LRP1 in the Central Nervous System

Recently, Dr. Bu's laboratory has uncovered a new molecular pathway in which low-density lipoprotein receptor-related protein 1 (LRP1) regulates leptin signaling and energy homeostasis. Deletion of LRP1 in forebrain neurons resulted in an obese phenotype characterized by increased food intake, decreased energy consumption and decreased leptin signaling.1

In addition, the lab showed that mice lacking LRP1 in forebrain neurons developed a global defect in brain lipid metabolism, characterized by decreased brain levels of cholesterol, sulfatide, galactosylceramide and triglyceride. These lipid deficits correlate with progressive, age-dependent dendritic spine degeneration, synapse loss, neuroinflammation, memory loss and eventual neurodegeneration.

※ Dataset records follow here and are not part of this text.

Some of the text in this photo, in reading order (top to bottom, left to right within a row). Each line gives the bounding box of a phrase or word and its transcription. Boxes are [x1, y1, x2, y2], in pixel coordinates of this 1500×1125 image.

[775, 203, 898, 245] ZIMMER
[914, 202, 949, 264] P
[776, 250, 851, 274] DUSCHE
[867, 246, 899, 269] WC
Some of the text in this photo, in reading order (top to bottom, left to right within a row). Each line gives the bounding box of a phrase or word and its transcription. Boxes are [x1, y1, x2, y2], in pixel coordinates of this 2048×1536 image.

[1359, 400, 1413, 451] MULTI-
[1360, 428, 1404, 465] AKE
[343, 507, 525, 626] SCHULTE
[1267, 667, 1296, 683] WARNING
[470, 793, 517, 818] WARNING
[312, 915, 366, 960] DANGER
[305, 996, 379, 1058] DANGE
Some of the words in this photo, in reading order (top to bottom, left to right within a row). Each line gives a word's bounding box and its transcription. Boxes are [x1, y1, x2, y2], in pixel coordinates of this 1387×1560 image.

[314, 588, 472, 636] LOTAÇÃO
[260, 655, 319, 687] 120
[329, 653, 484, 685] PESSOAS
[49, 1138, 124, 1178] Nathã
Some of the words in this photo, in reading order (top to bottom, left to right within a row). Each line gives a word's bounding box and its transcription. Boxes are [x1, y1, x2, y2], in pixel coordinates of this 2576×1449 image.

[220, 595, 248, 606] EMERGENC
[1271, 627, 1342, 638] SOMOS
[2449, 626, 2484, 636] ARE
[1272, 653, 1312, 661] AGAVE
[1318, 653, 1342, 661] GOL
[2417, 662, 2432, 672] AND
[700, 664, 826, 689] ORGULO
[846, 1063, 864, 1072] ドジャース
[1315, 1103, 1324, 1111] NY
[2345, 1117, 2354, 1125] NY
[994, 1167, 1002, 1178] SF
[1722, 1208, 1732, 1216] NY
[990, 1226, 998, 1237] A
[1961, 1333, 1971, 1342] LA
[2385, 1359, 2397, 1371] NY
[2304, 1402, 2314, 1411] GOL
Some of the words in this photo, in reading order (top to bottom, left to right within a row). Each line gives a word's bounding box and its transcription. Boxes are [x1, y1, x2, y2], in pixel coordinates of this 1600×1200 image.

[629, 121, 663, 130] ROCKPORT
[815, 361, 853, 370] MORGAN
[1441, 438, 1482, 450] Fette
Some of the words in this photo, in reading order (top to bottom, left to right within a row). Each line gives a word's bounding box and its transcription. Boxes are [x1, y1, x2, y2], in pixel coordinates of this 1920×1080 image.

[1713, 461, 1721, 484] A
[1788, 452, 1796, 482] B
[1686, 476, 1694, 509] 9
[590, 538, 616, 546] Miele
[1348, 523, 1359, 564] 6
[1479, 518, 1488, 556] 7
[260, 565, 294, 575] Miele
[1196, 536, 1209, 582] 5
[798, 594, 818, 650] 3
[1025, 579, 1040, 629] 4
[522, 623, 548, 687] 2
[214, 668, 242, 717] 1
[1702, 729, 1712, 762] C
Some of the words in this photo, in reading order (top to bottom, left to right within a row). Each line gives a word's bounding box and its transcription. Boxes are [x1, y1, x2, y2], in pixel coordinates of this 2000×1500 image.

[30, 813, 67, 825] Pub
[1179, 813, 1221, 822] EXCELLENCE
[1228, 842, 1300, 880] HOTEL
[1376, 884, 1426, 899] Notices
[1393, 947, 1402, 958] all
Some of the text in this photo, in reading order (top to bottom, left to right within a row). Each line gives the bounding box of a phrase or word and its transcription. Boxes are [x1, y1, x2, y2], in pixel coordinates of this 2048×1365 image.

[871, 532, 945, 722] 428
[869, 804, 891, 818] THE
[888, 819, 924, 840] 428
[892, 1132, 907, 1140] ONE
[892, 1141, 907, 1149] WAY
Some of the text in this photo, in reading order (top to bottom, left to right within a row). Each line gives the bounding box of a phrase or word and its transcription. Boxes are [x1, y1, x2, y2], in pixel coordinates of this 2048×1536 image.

Illustration of LRP1 and mice

The lab further demonstrated that the levels of glutamate receptor subunits N-methyl-d-aspartate (NMDA) receptor 1 and glutamate receptor 1 are selectively reduced in LRP1 forebrain knockout mice and in LRP1 knockdown neurons, which are partially rescued by restoring neuronal cholesterol.2

Together, these studies show the critical role that LRP1 plays in maintaining brain lipid homeostasis and associated synaptic and neuronal integrity. LRP1 is abundantly expressed in several cell types in the central nervous system, including glia and vascular cells, and neurons.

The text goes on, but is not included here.